O Ministério Público do Estado da Bahia (MPBA) deflagrou, nesta quarta-feira (29), a segunda fase da Operação Fauna Protegida, que cumpre 21 mandados de busca, apreensão e prisão preventiva em três estados: Bahia, Rio de Janeiro e Minas Gerais. A ação mira integrantes da maior organização criminosa de tráfico de aves silvestres do país.
A operação é conduzida pelo Grupo de Atuação Especial de Combate ao Crime Organizado (Gaeco) do MPBA, em parceria com as Promotorias de Justiça Regional Ambiental de Itabuna e Ilhéus.
As investigações contam com o apoio do Ministério Público de Alagoas (MPAL), por meio do Núcleo de Defesa do Meio Ambiente (Nudema), e do Centro de Apoio Operacional do Meio Ambiente do MP baiano (Ceama).
Ao todo, são 17 mandados de busca e quatro de prisão preventiva. Na Bahia, as ações ocorrem em Monte Santo e Valente; no Rio de Janeiro, em Magé, Guapimirim, Rio das Ostras, Cabo Frio e Casimiro de Abreu; e em Minas Gerais, em Almenara e Divisópolis.
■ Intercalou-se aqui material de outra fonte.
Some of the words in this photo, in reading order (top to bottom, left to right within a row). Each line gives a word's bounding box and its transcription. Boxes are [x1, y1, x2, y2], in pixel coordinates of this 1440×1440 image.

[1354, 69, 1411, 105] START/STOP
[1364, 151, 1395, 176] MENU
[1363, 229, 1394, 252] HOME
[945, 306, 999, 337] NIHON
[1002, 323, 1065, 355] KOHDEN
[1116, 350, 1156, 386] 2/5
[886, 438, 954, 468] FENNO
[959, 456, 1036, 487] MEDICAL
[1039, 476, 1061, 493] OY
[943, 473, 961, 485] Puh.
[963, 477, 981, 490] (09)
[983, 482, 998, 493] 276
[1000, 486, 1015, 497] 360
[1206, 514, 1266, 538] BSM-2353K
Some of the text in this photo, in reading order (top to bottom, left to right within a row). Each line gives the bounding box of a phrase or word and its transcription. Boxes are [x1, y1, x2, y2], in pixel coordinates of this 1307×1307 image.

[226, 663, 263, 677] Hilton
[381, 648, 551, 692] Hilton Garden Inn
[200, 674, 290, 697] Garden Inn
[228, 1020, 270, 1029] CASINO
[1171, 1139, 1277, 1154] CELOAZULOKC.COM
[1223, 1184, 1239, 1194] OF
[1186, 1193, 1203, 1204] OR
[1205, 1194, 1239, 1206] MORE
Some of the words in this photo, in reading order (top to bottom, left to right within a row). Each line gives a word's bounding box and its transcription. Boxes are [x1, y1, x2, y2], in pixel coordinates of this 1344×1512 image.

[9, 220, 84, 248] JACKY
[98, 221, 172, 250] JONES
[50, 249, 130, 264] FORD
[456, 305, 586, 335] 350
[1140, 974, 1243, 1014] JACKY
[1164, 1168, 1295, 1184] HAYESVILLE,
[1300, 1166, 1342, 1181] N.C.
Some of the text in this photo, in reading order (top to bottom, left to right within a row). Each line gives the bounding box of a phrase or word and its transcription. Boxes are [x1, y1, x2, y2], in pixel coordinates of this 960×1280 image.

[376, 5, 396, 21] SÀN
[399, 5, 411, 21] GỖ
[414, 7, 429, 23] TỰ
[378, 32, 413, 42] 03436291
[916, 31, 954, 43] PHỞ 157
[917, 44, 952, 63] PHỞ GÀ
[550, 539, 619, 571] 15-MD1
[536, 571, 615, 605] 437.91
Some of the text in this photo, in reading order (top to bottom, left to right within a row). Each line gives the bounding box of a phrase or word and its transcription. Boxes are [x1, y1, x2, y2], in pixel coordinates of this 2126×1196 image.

O grupo é liderado por um homem preso em setembro, durante a primeira fase da operação.
As investigações apontam que a organização atuava na captura, transporte e comercialização de aves de canto, mantidas em cativeiros precários e enviadas a receptadores no estado do Rio de Janeiro. O esquema possuía uma estrutura complexa, com divisões entre fornecedores, transportadores, financiadores e compradores.
A Fauna Protegida integra o projeto nacional Libertas, da Associação Brasileira dos Membros do Ministério Público de Meio Ambiente (Abrampa), que busca fortalecer o enfrentamento aos crimes contra a fauna silvestre. A ação conta ainda com o apoio das Polícias Militares da Bahia, Minas Gerais e Rio de Janeiro, além dos respectivos Ministérios Públicos estaduais.